How to cite this URL:
Lin M, Wang Q, Li FD, Li R, Huang J. Complete Closure of Gastric Defect with Improved Purse-String Suture Technique Using Single-Channel Endoscope. Chin Med J [serial online] 2018 [cited 2018 Dec 13];131:2349-51. Available from: http://www.cmj.org/text.asp?2018/131/19/2349/241817

To the Editor: Recently, with the development of endoscopic therapy technology, the incidence of iatrogenic perforation is also increasing. If the defect was not treated properly, subsequent gastrointestinal fistula and infection could lead to serious complications. This study evaluated a simple method for close gastric defect after endoscopic treatment, with endoloop and metallic clips using single-channel endoscope.

The study was approved by the Ethics Committee of The Affiliated Changzhou No. 2 People's Hospital (No. KY201601) and conducted in accordance with the Declaration of Helsinki, and written informed consent was obtained from each patient. A total of 48 patients from January 2016 to January 2018 at The Affiliated Changzhou No. 2 People's Hospital were retrospectively analyzed. Among these patients, 22 patients had early gastric cancer that underwent endoscopic submucosal dissection (ESD) treatment and combined muscularis propria (MP) defect or perforation, and 26 patients had subepithelial tumor (SET) originating from the MP that underwent endoscopic full-thickness resection (EFTR) treatment. The gastric defects were closed with improved purse-string suture technique.

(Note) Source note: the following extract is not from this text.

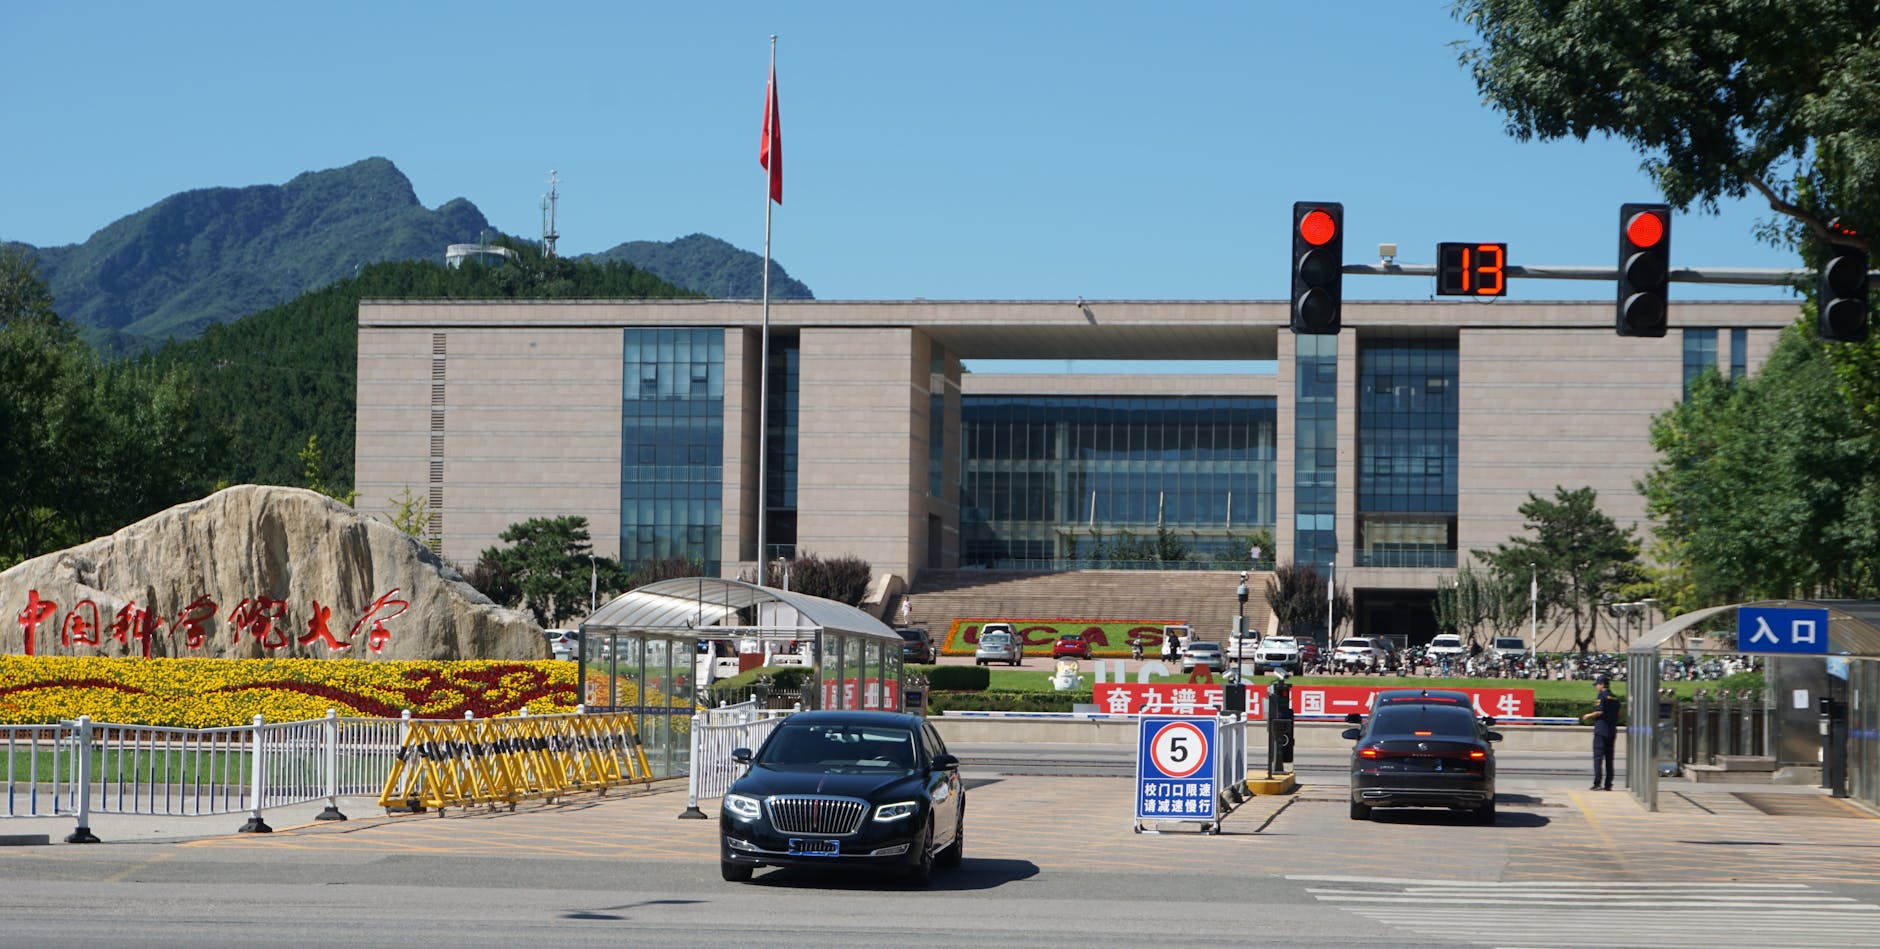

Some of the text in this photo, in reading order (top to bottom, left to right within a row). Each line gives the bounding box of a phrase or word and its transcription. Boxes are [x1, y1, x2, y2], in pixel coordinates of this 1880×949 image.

Standard ESD and EFTR techniques were mentioned previously;[1],[2] endoscopic carbon dioxide insufflation was used during the procedure. The defect was closed immediately with endoloop (LeClamp™ Loop-20 and Loop-30; Leo, Changzhou, China) and metallic clips (Micro-Tech, China) using single-channel endoscope (GIF-Q260J; Olympus, Tokyo, Japan). First, the endoloop was placed into the gastric cavity by metallic clip through the endoscopic channel, and then the endoloop was anchored onto the defect's distal margin with the clip; second, the endoloop was symmetrically embedded onto the margin of the defect with several clips, and the clips could be repeatedly opened and closed if the clamping was not satisfactory; third, the delivery system was inserted and the removable hook was connected with the ring buckle of the endoloop; the endoloop was slowly tightened so that the defect was closed; finally, the delivery system was withdrawn [Figure 1]. Other clips were added if purse-string closure was not tight. During the procedure, a 10-ml syringe was used to relieve abdominal hypertension if the pneumoperitoneum was obvious. A stomach tube was placed if full-thickness defect of gastric wall. Patients were asked to keep supine position and fast after operation. Other treatments included fluid replacement, proton pump inhibitors, antibiotics, and hemostasis. Abdominal sign and the body temperature should be observed closely. Surveillance endoscopy was performed at the 3rd and the 6th month after operation to observe wound healing.
Figure 1: Procedure of the complete closure of gastric defect with improved purse-string suture technique using single-channel endoscope (a) The lesion was located in the gastric angle (IIa, high-grade intraepithelial neoplasia). (b) The area of wound after endoscopic submucosal dissection was large, combined part of muscularis propria defect. (c) The endoloop was anchored onto the defect's distal margin with the clip. (d) The endoloop was symmetrically embedded onto the margin of the defect with several clips. (e) The delivery system was inserted. (f) The defect was completely closed.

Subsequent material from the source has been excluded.